The recent two decades of data science have been long and exciting, full of difficulties and boundless potential. Looking back into the human history of thousands of years, two decades of data science is extremely short. However, it is of great significance. The transit to the fourth paradigm of scientific research, the global wave of the digital economy accompanied by the rapid rise of many developing economies, the dramatic development of the global village, and the polarization of digital integration and the digital divide are just a few examples. Nevertheless, the great charm of data science lies in the science and permeates the social lives of everyone every day.
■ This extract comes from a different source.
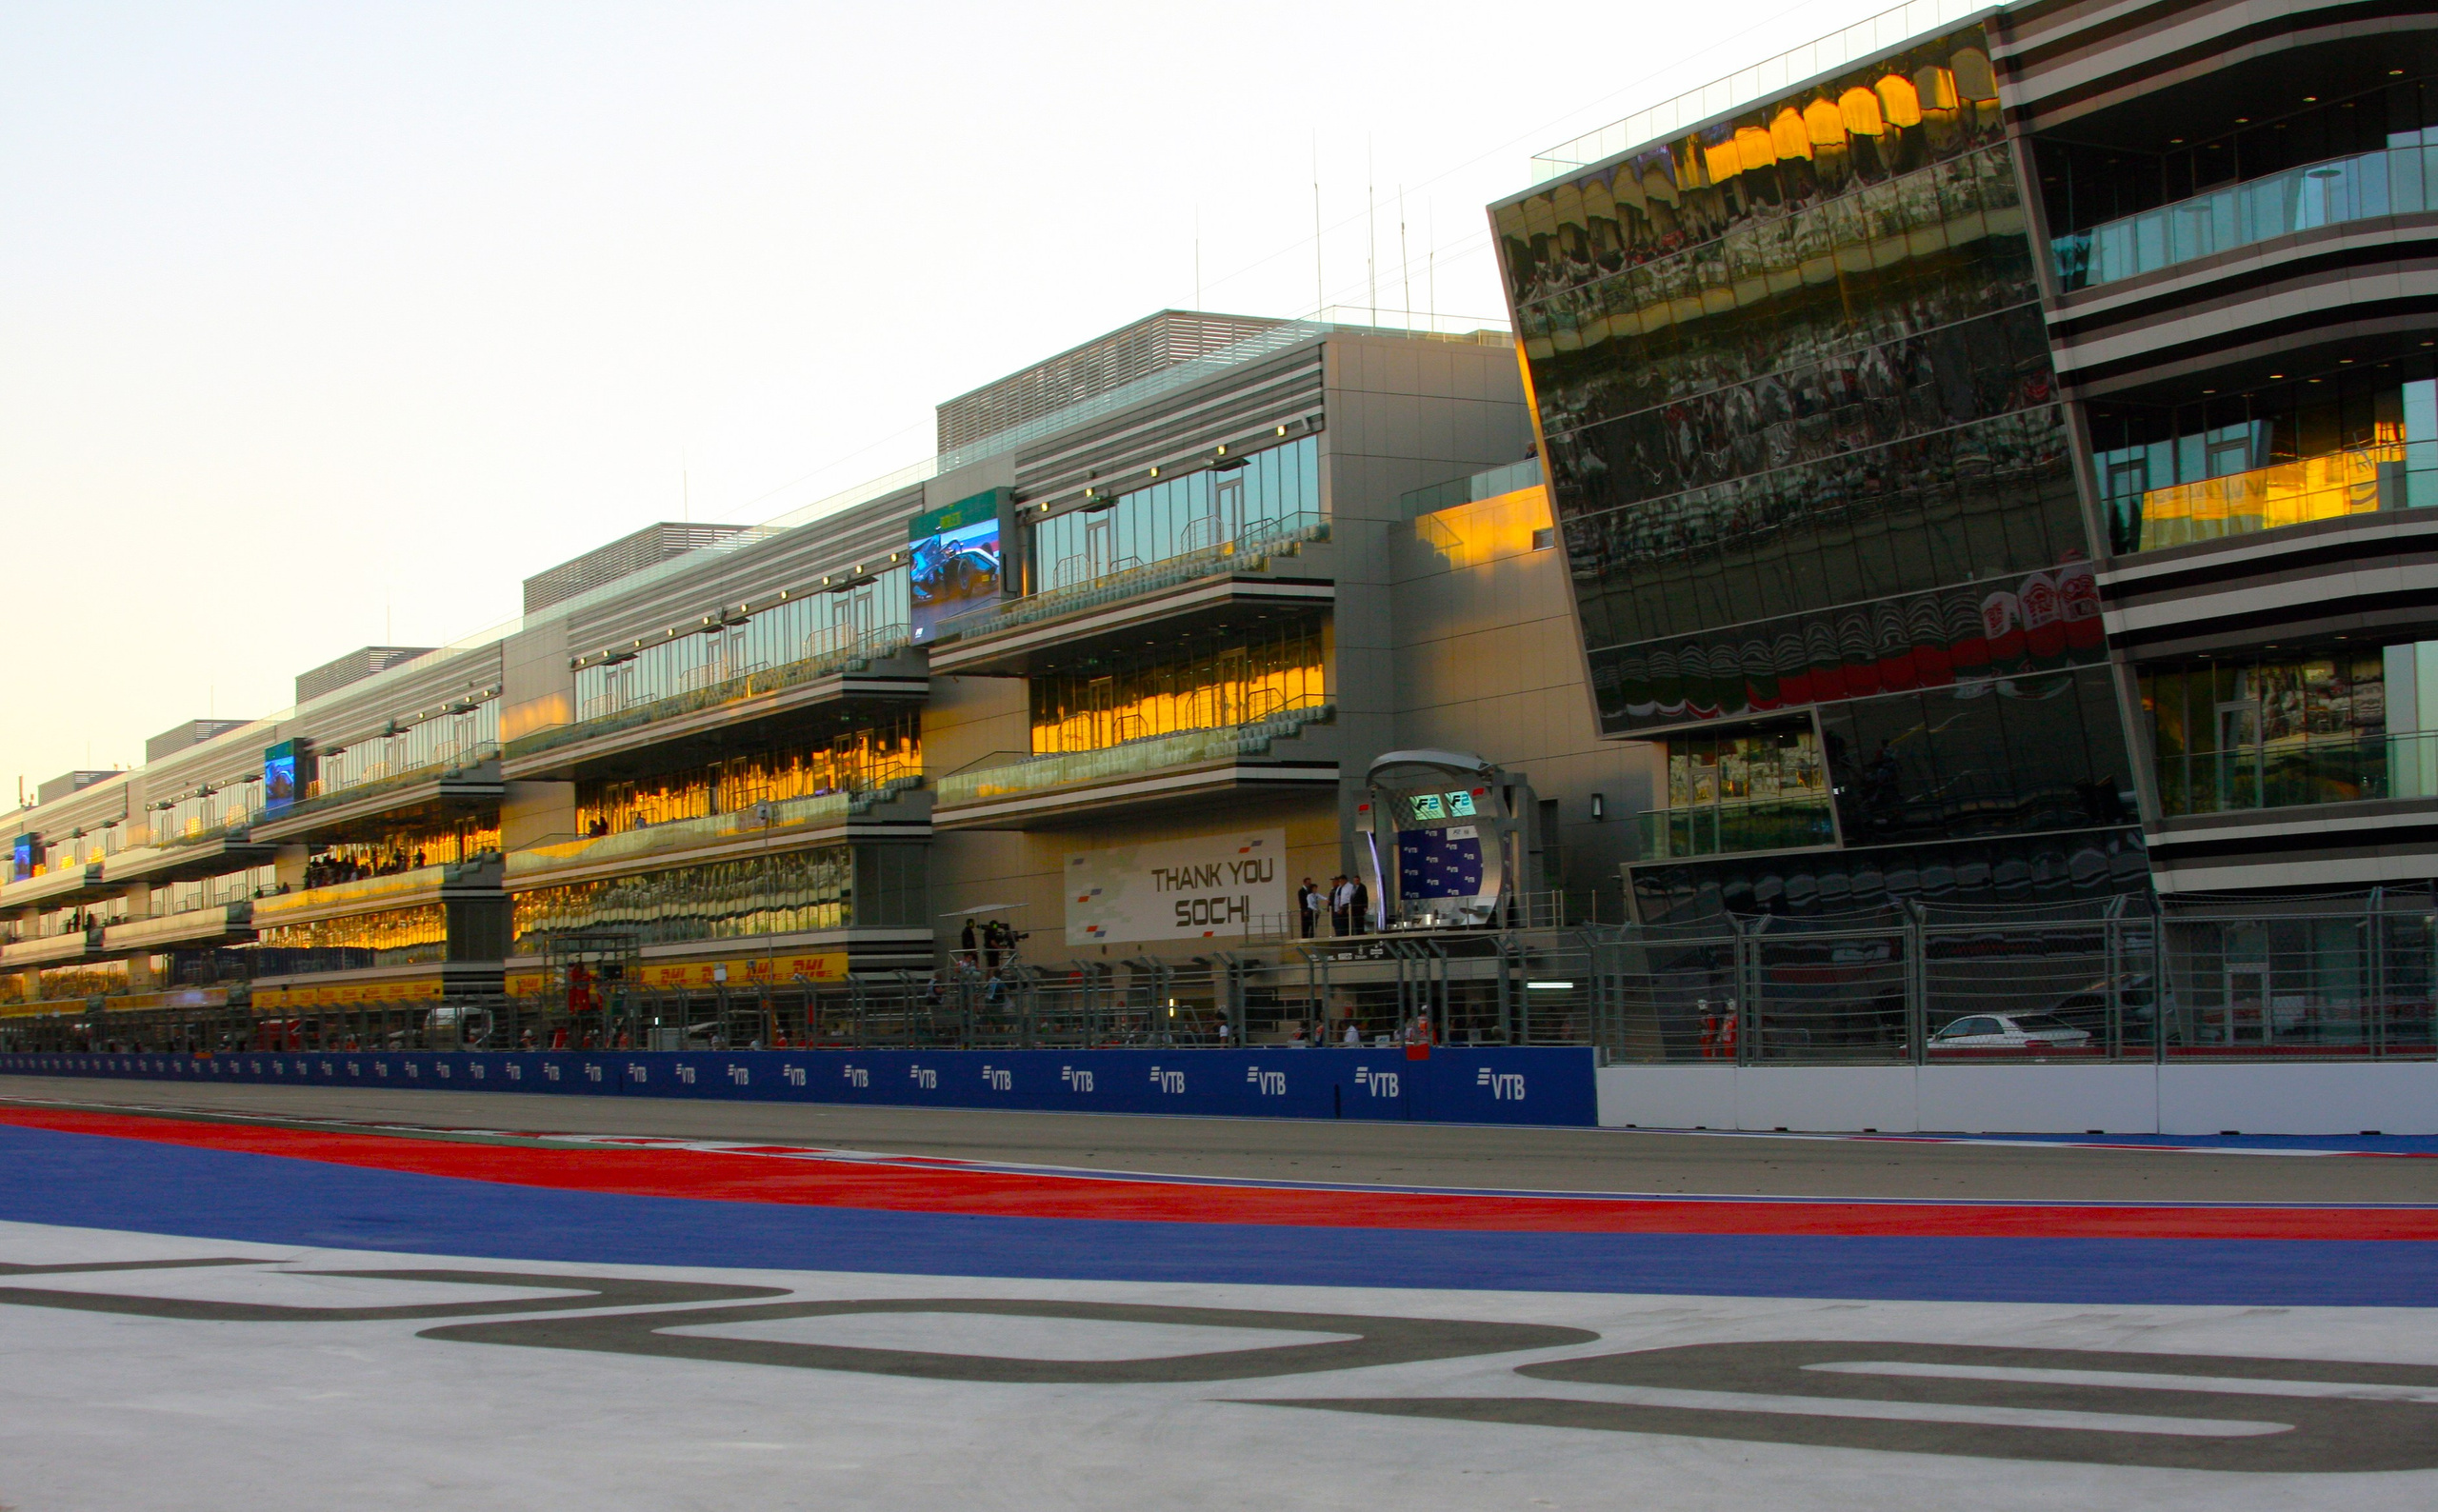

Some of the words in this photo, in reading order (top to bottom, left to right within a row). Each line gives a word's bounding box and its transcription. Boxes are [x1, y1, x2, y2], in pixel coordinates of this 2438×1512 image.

The power to master the double-edged data sword will advance data science explosively.

As this paper elaborates, data, technology, infrastructure, and education contribute jointly to the four-wheeled wagon of data science. The four essentials will together effectively consolidate and enhance the construction and development of future data science. Meanwhile, the call for open science provides rich soil for the healthy development of the whole data ecosystem. Therefore, looking into the future, we will embrace a better world driven by open data resources, responsible technologies, open infrastructures, and inclusive data education.

Data Accessibility Statement

Data are captured from the Web of Science with selected articles entitled ‘data science.’ There are no strict constraints on publication times to trace the theme evenly. As a result, 4,131 pieces of records are returned, including 88 records earlier than 2000. Among them, 3,490 non-null-value publication abstracts are taken as valid textual results for word frequency analysis and word cloud visualization by Python. Data are available at www.webofscience.com [Last accessed 24 February 2023].Refined data and python code are available at: https://doi.org/10.57760/sciencedb.07847.

Competing Interests

The author has no competing interests to declare.